At least seven cases of the monkeypox virus have been identified in Oregon.
Lane County Public Health spokesman Jason Davis said a third Lane County case was confirmed by a state laboratory Thursday, and the county is waiting for federal lab confirmation of all its cases. Four other state casesare pending at the state laboratory.
More:Lane County identifies two cases of monkeypox; nearly 400 cases found nationwide
“This is not just a global problem, a national problem or even an Oregon problem anymore, this is a Lane County problem. It’s circulating within our community,” Davis said. “There’s probably a lot more than we know about.”
The other cases were found in Multnomah and Washington counties, according to the Oregon Health Authority.

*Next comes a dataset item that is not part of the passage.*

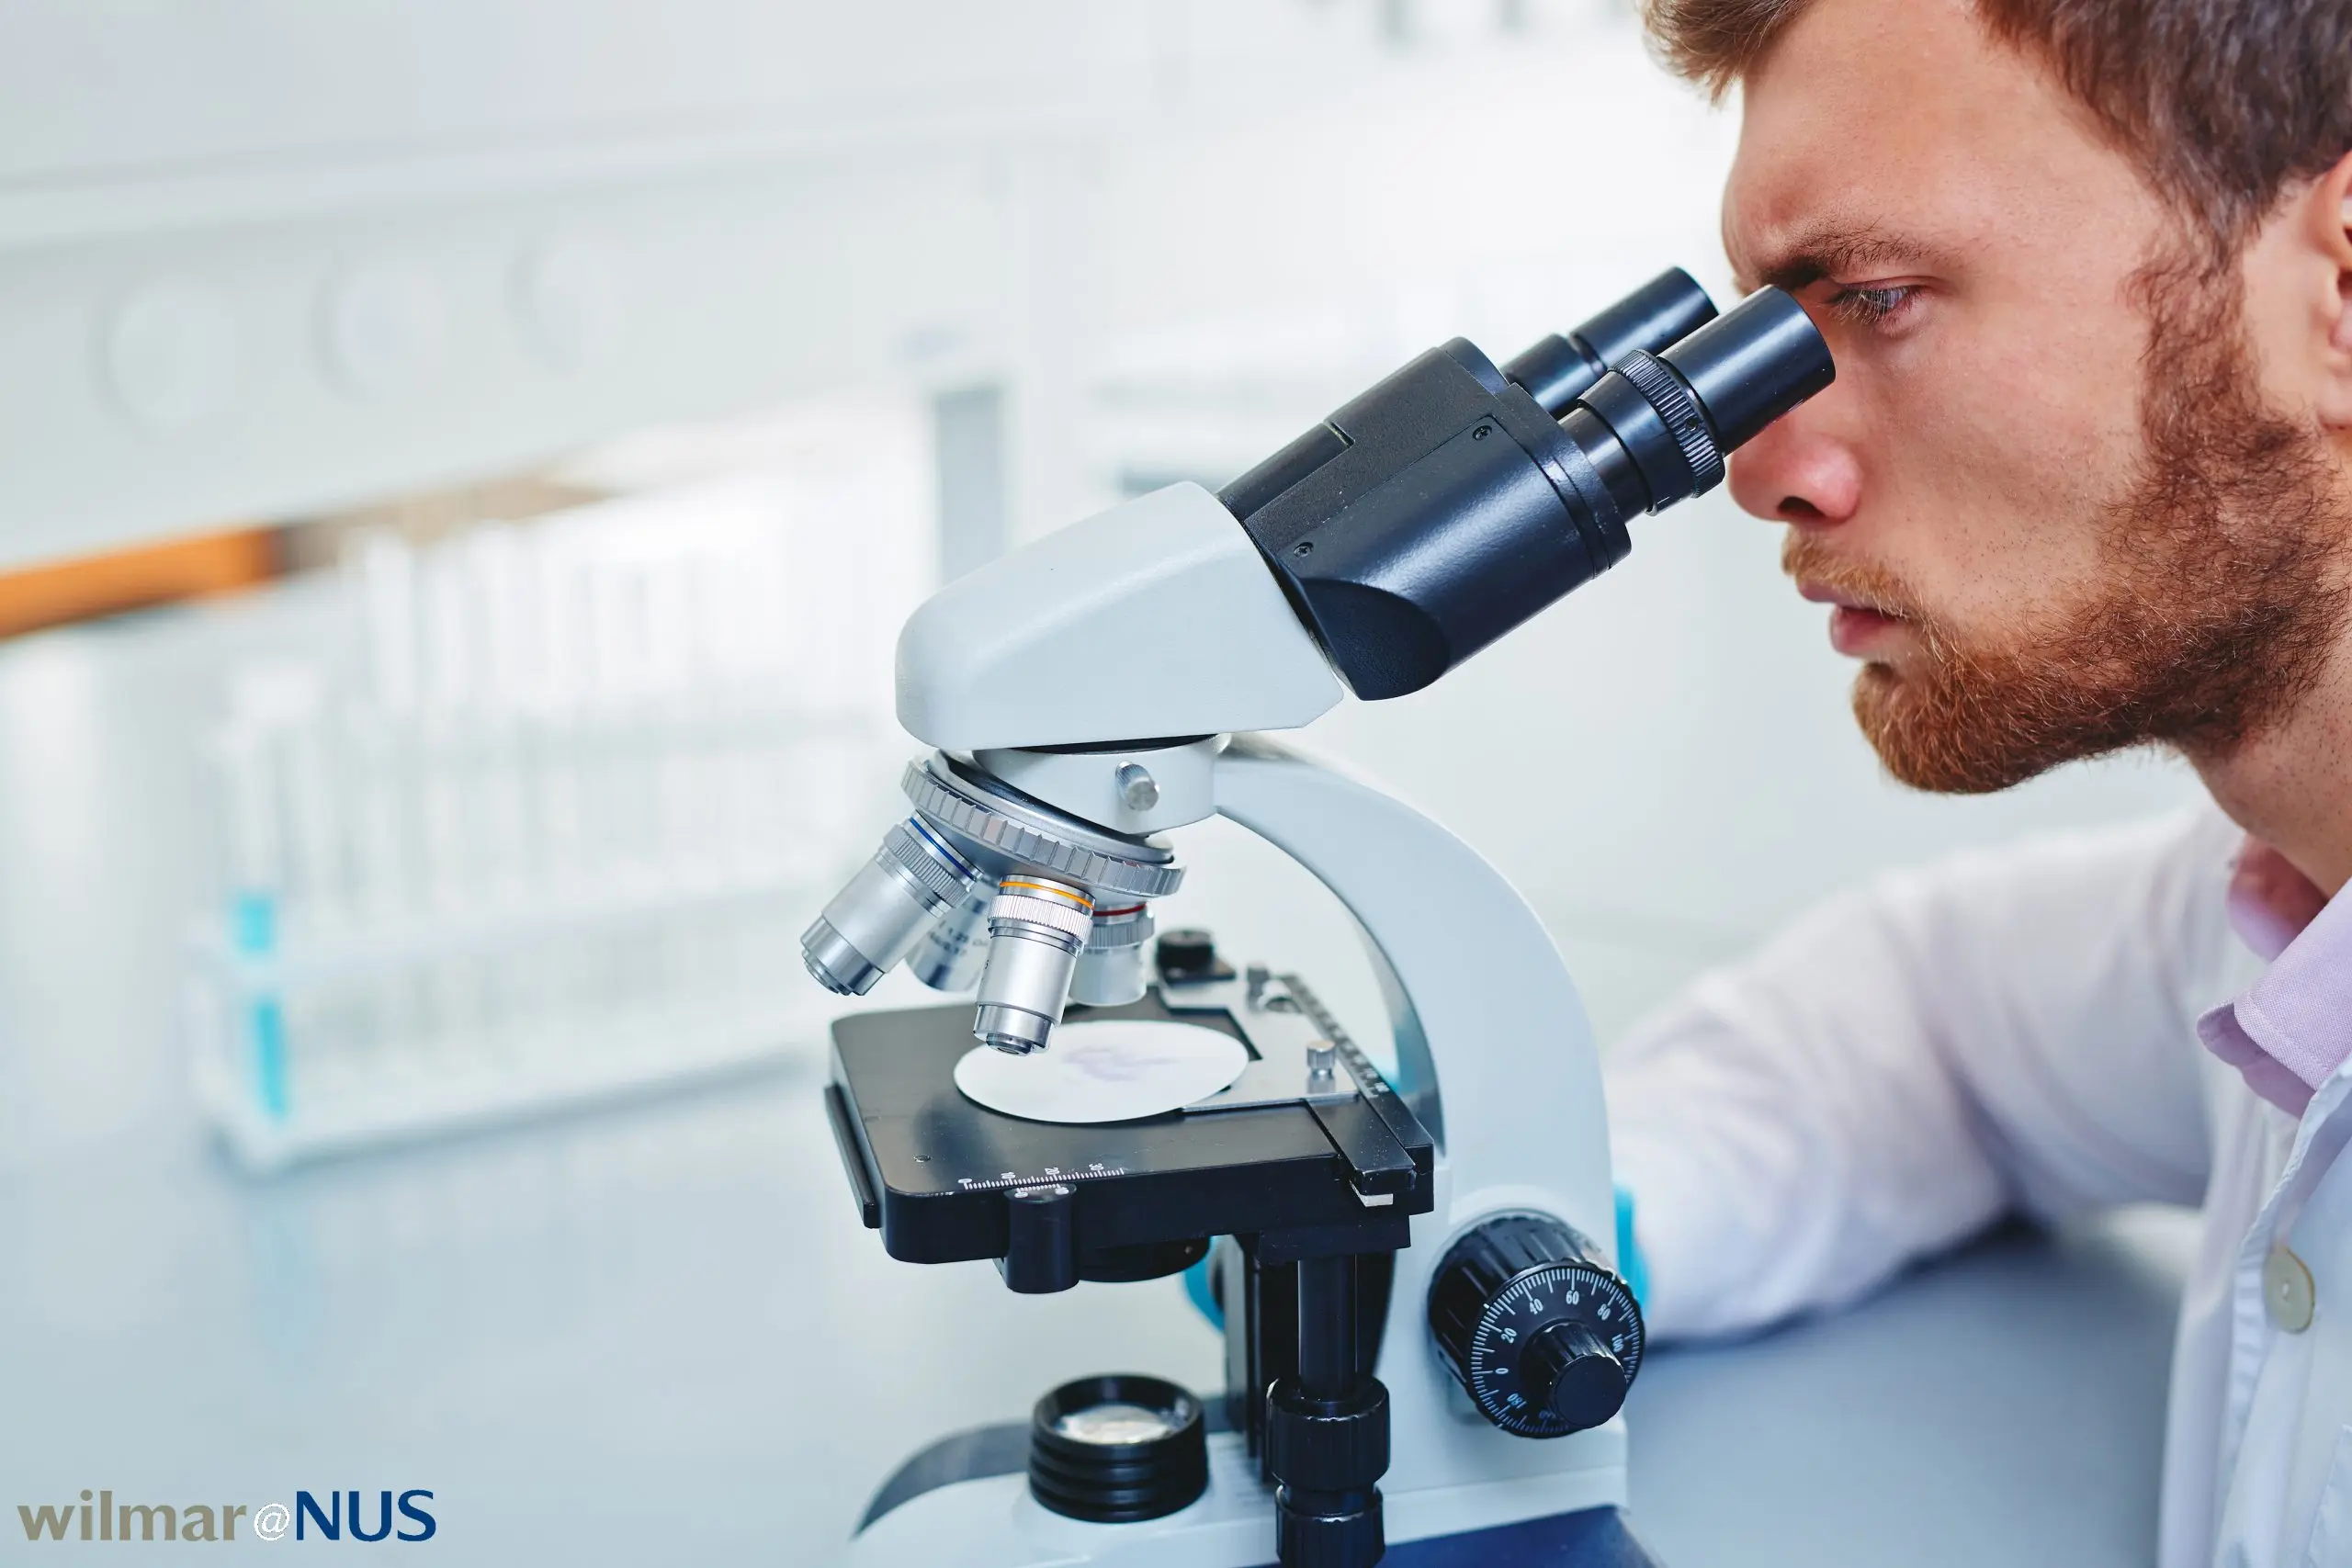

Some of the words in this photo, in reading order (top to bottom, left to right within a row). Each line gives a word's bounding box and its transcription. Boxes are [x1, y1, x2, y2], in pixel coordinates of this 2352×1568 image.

No deaths have been reported, but the disease can be severe, potentially causing rashes, infections or sepsis.
Two vaccines licensed by the U.S. Food and Drug Administration are available for preventing monkeypox infections. OHA said Oregon’s supply is limited but allocations from federal stockpiles have arrived and likely will be increased.
Health officials are advising people consider their risk factors, including intimate behaviors, to reduce infection risks.
Below is some information on current cases in Oregon, as well as prevention tips and advice in case symptoms arise.
What is monkeypox?
Infections are caused by a the human monkeypox virus, also known as hMPXV.
The monkeypox virus first was discovered in 1958 in colonies of research monkeys, according to the U.S. Center for Disease Control and Prevention. The first human case was recorded in 1970.
Nearly all human cases before the 2022 outbreak outside of Africa were linked to international travel to countries where the disease commonly occurs or through imported animals, according to the CDC.
The strain of monkeypox causing the current outbreak — the West African strain — is rarely fatal, according to the CDC. However, people with weakened immune systems, children younger than 8, people with a history of eczema and people who are pregnant or breastfeeding may be more likely to get seriously ill or die, the CDC said.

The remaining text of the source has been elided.